### Task prompt
Transcribe the records below in their entirety, and leave out each image.

### Given entries
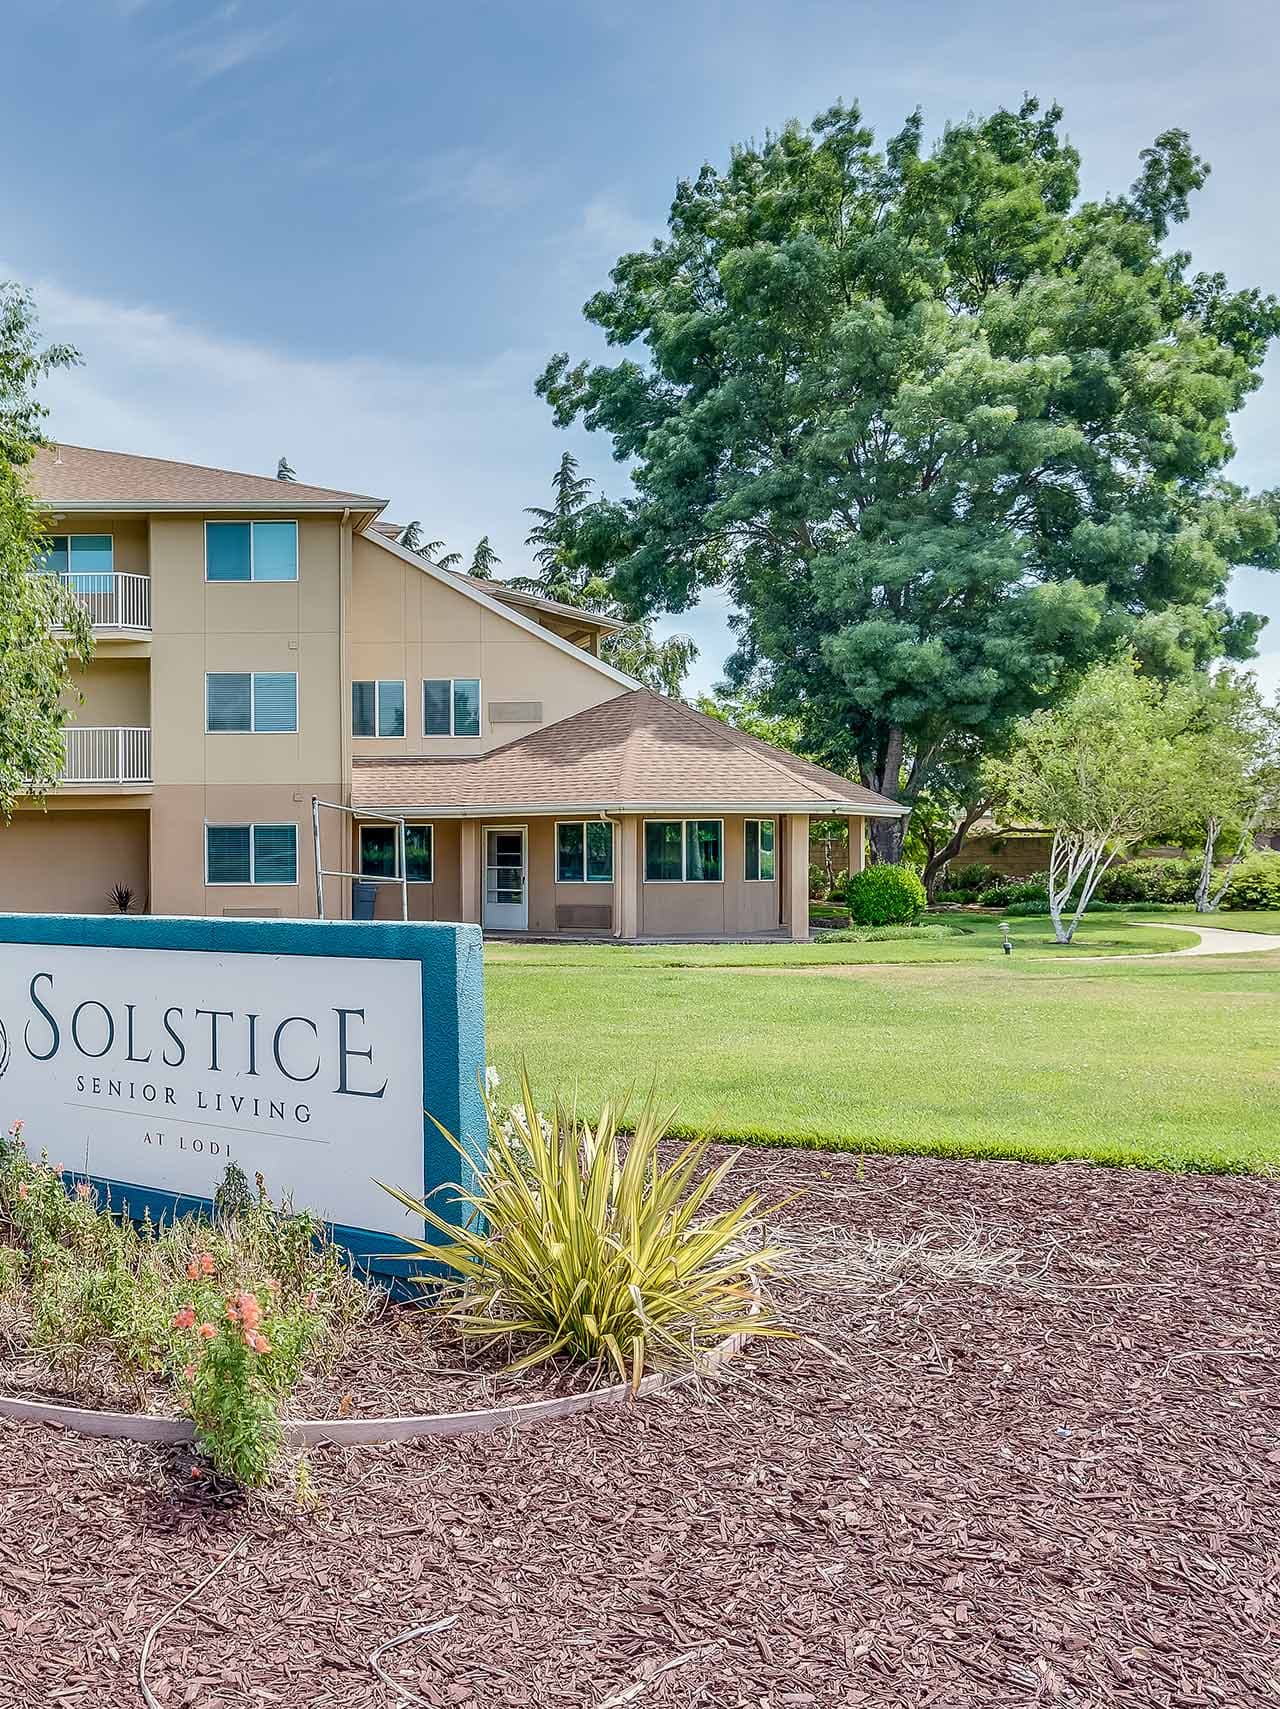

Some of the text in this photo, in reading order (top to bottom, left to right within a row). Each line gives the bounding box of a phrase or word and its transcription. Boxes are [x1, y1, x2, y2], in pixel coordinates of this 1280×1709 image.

[24, 972, 389, 1099] SOLSTICE
[76, 1075, 312, 1123] SENIOR LIVING
[143, 1132, 232, 1158] AT LODI
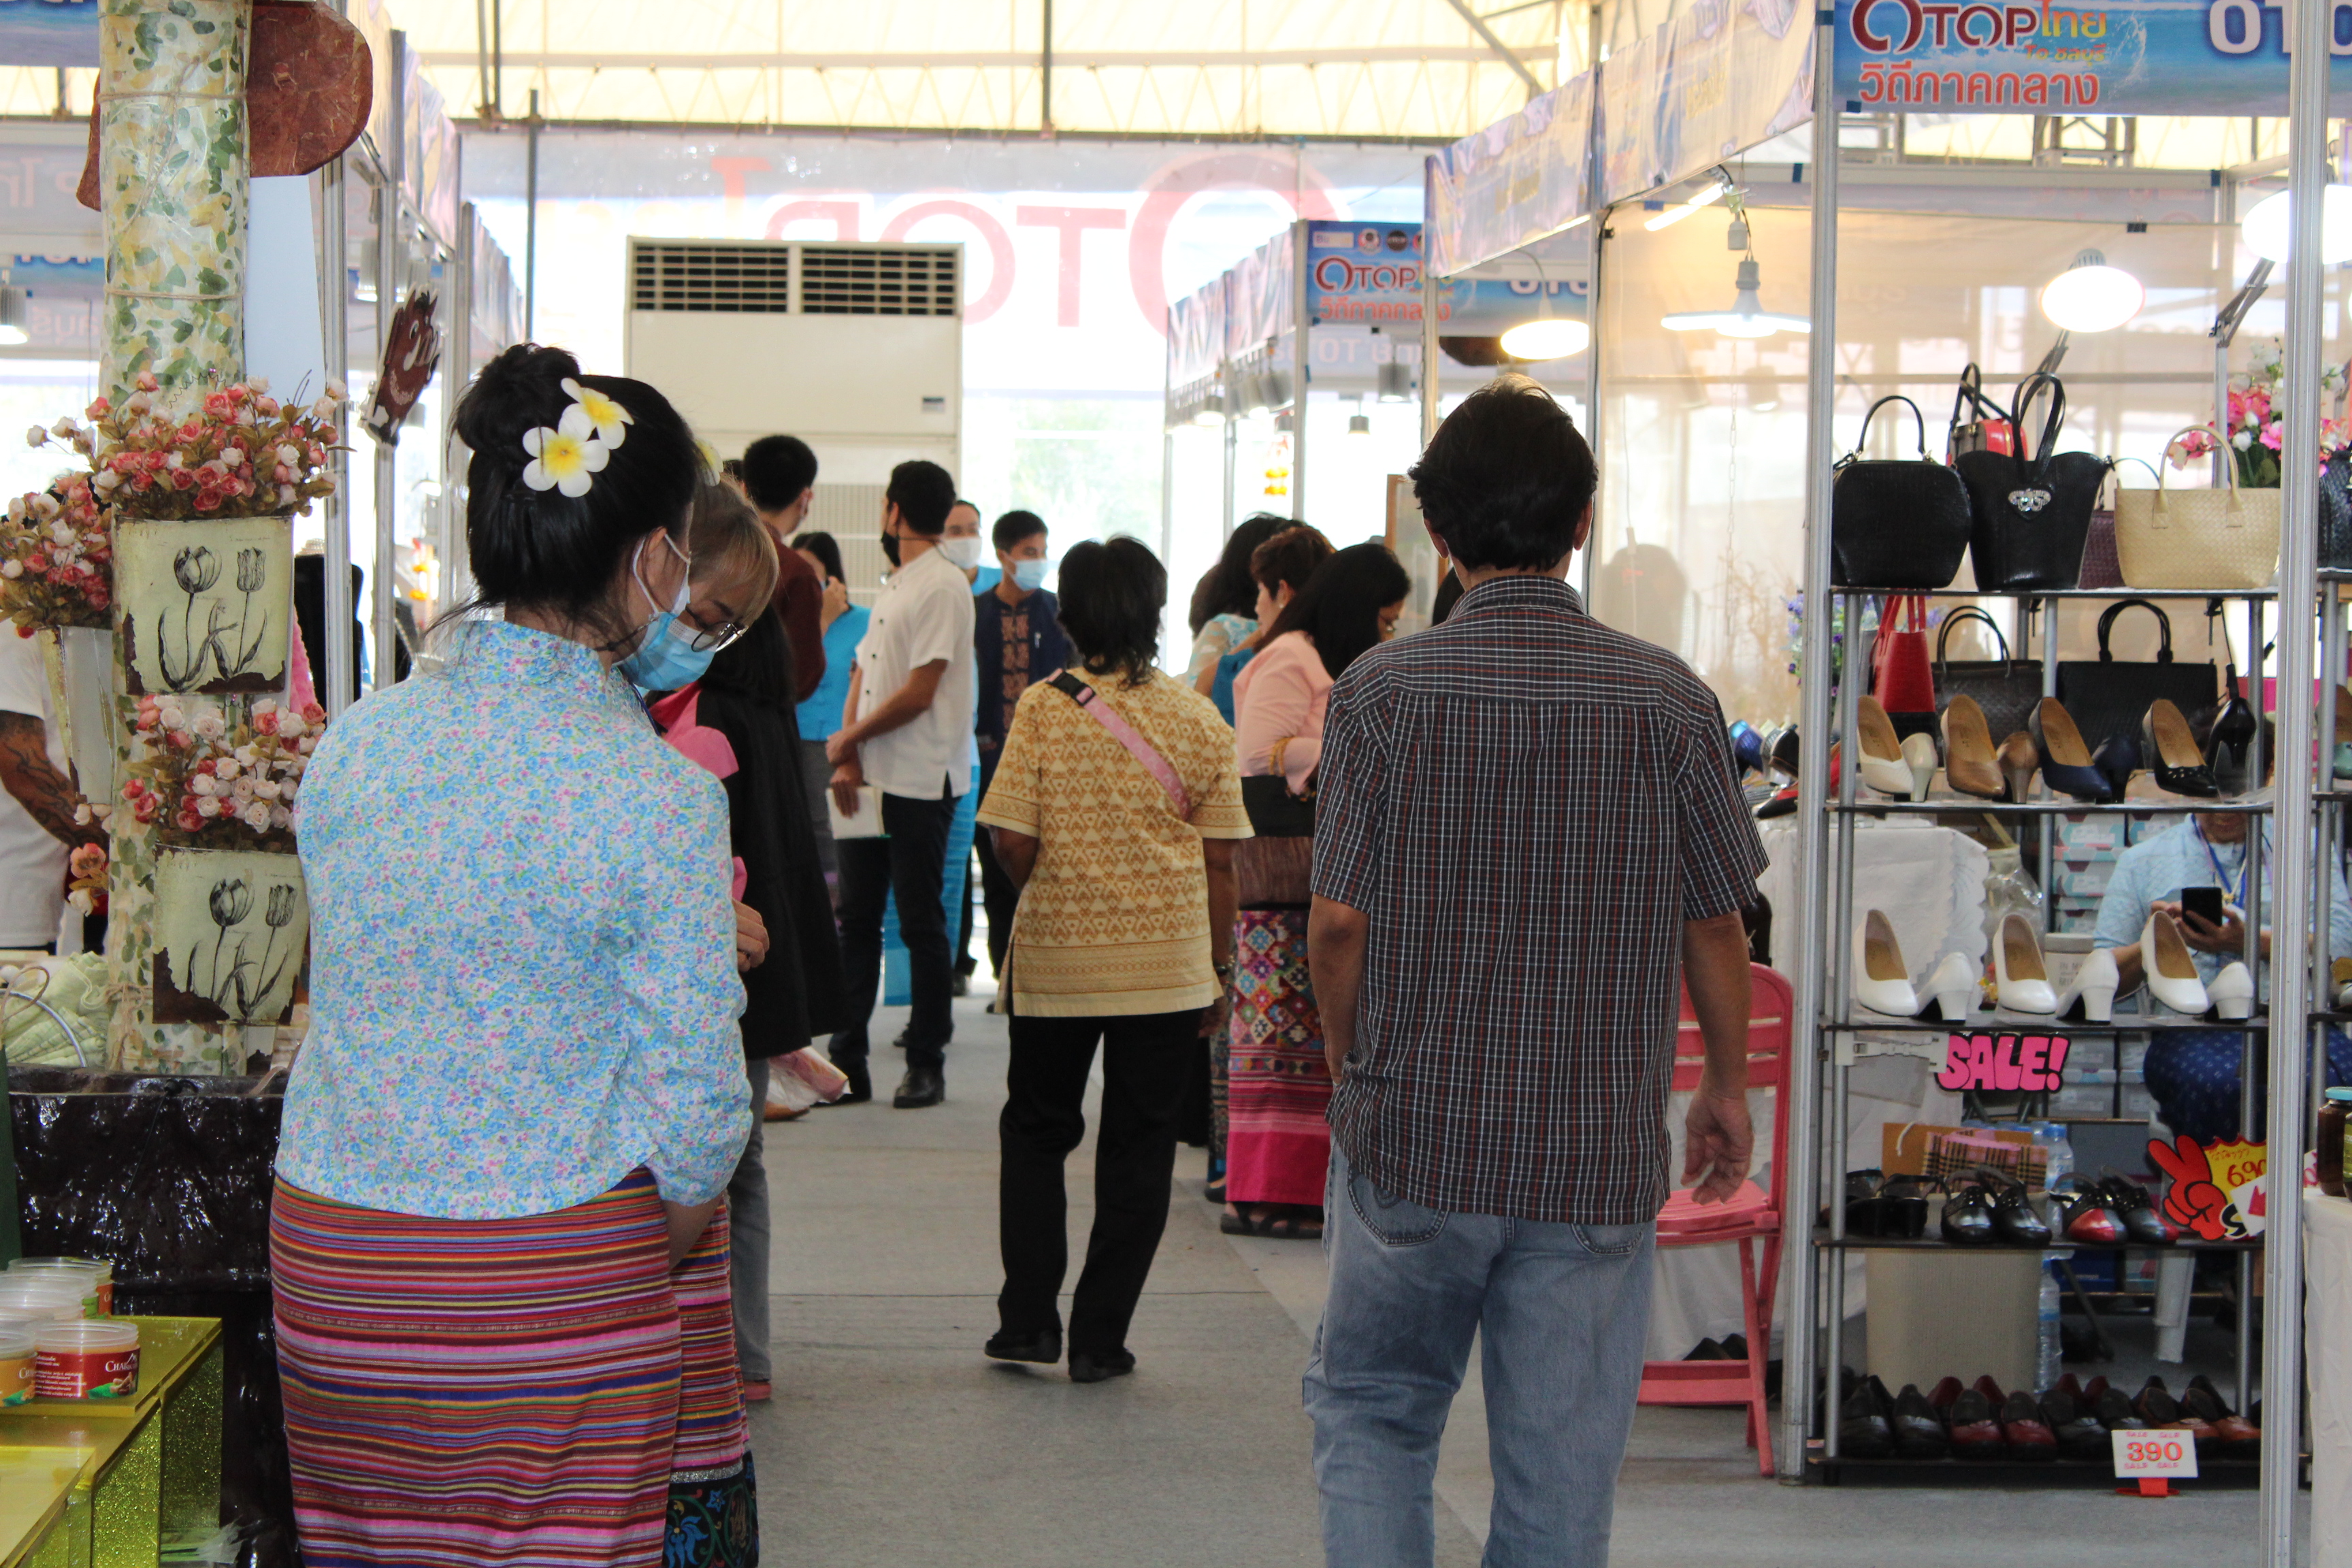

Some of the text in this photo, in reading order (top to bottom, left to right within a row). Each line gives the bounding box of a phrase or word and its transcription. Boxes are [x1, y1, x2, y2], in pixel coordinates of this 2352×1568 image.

[1852, 0, 2037, 52] OTOP
[1859, 60, 2099, 105] วิถีภาคกลาง
[1314, 256, 1418, 292] OTOP
[1318, 297, 1452, 322] วิถีภาคกลง
[1936, 1033, 2071, 1093] SALE!
[2127, 1441, 2183, 1462] 390

### Answer area
Some of the text in this photo, in reading order (top to bottom, left to right within a row). Each line gives the bounding box of a phrase or word and its transcription. Boxes are [x1, y1, x2, y2], in pixel coordinates of this 1280×1709 image.

[24, 972, 389, 1099] SOLSTICE
[76, 1075, 312, 1123] SENIOR LIVING
[143, 1132, 232, 1158] AT LODI

Some of the text in this photo, in reading order (top to bottom, left to right within a row). Each line gives the bounding box of a phrase or word and its transcription. Boxes are [x1, y1, x2, y2], in pixel coordinates of this 2352×1568 image.

[1852, 0, 2037, 52] OTOP
[1859, 60, 2099, 105] วิถีภาคกลาง
[1314, 256, 1418, 292] OTOP
[1318, 297, 1452, 322] วิถีภาคกลง
[1936, 1033, 2071, 1093] SALE!
[2127, 1441, 2183, 1462] 390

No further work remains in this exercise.